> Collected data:
-------------------------
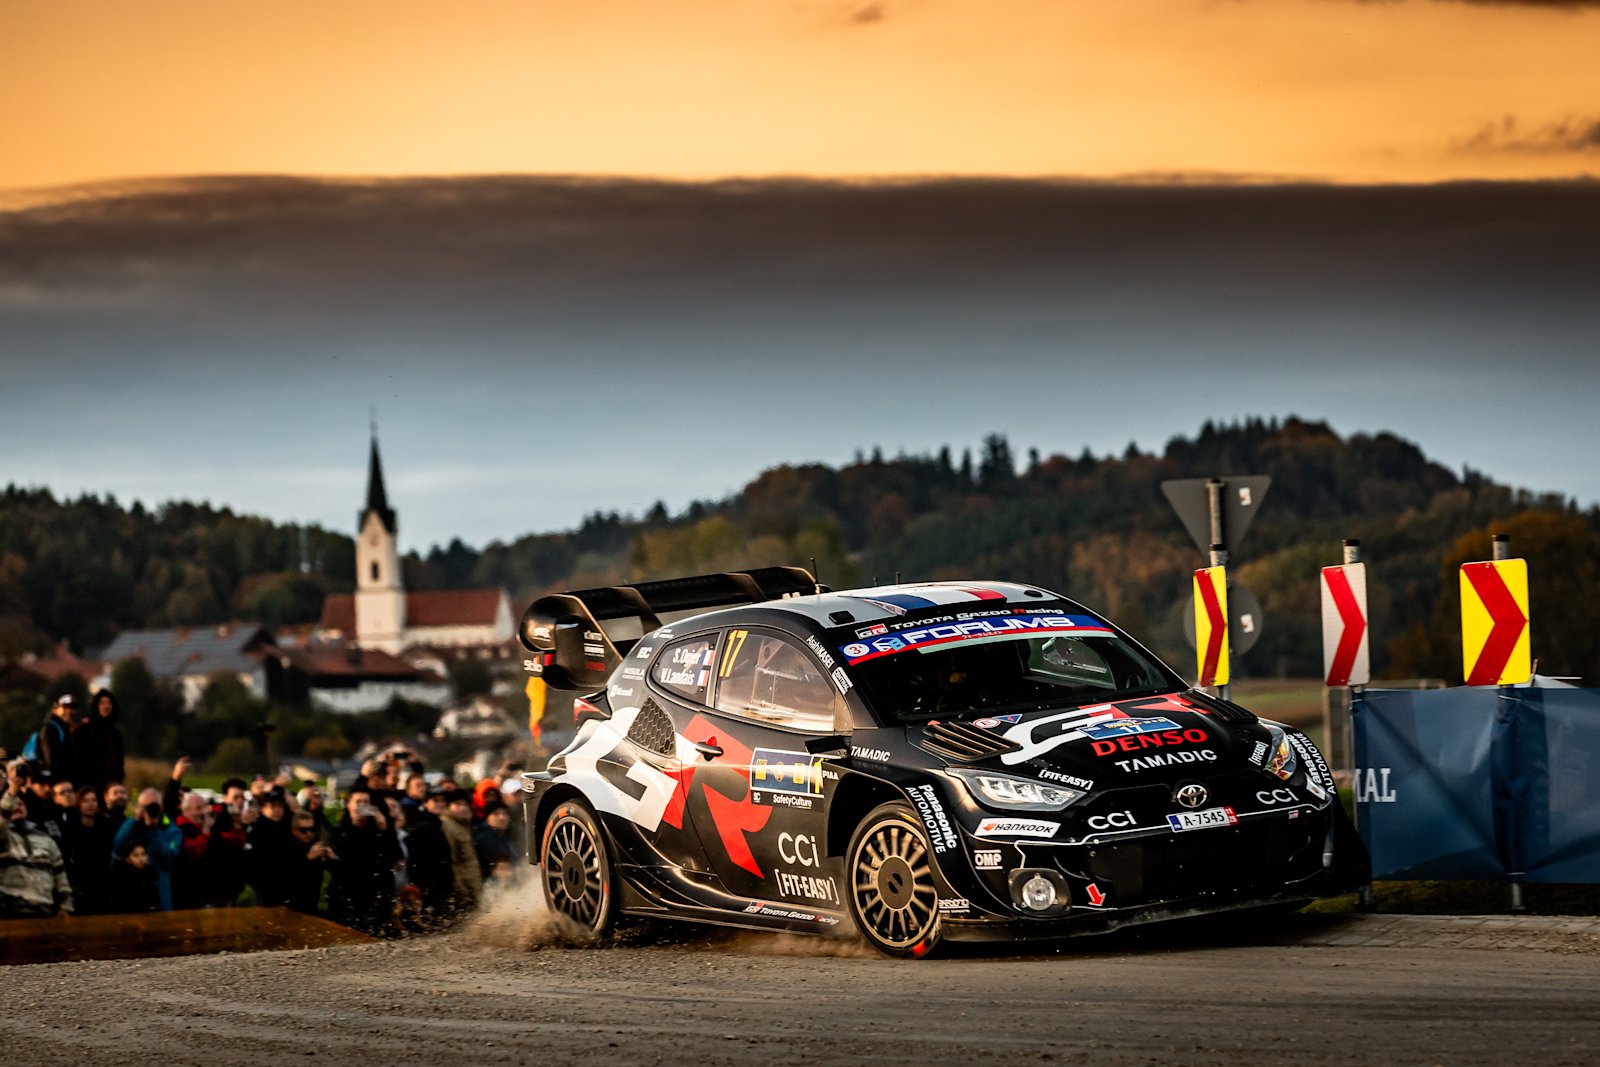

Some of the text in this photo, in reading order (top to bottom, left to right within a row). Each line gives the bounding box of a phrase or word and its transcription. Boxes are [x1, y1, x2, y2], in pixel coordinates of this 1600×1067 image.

[856, 624, 888, 639] GR
[890, 615, 954, 630] TOYOTA
[956, 609, 1012, 621] GAZOO
[902, 617, 1075, 643] FORUM8
[672, 648, 702, 667] S.Ogier
[719, 629, 749, 678] 17
[806, 635, 835, 669] AsahiKASEI
[660, 668, 695, 686] V.Landais
[1119, 724, 1144, 733] 17
[850, 745, 891, 762] TAMADIC
[1089, 729, 1208, 757] DENSO
[1114, 750, 1218, 773] TAMADIC
[1286, 734, 1322, 784] anasonic
[1293, 732, 1336, 794] AUTOMOTIVE
[822, 770, 839, 780] PIAA
[772, 794, 813, 807] SafetyCulture
[905, 787, 946, 853] AUTOMOTIVE
[918, 784, 957, 849] Panasonic
[1184, 811, 1225, 826] A-7545
[974, 853, 1003, 866] OMP
[759, 907, 788, 917] TOYOTA
[787, 911, 815, 921] GAZOO
-------------------------
> Work item:
Repeat the data exactly in full, omitting its pictures.

> Exercise answer:
Some of the text in this photo, in reading order (top to bottom, left to right within a row). Each line gives the bounding box of a phrase or word and its transcription. Boxes are [x1, y1, x2, y2], in pixel coordinates of this 1600×1067 image.

[856, 624, 888, 639] GR
[890, 615, 954, 630] TOYOTA
[956, 609, 1012, 621] GAZOO
[902, 617, 1075, 643] FORUM8
[672, 648, 702, 667] S.Ogier
[719, 629, 749, 678] 17
[806, 635, 835, 669] AsahiKASEI
[660, 668, 695, 686] V.Landais
[1119, 724, 1144, 733] 17
[850, 745, 891, 762] TAMADIC
[1089, 729, 1208, 757] DENSO
[1114, 750, 1218, 773] TAMADIC
[1286, 734, 1322, 784] anasonic
[1293, 732, 1336, 794] AUTOMOTIVE
[822, 770, 839, 780] PIAA
[772, 794, 813, 807] SafetyCulture
[905, 787, 946, 853] AUTOMOTIVE
[918, 784, 957, 849] Panasonic
[1184, 811, 1225, 826] A-7545
[974, 853, 1003, 866] OMP
[759, 907, 788, 917] TOYOTA
[787, 911, 815, 921] GAZOO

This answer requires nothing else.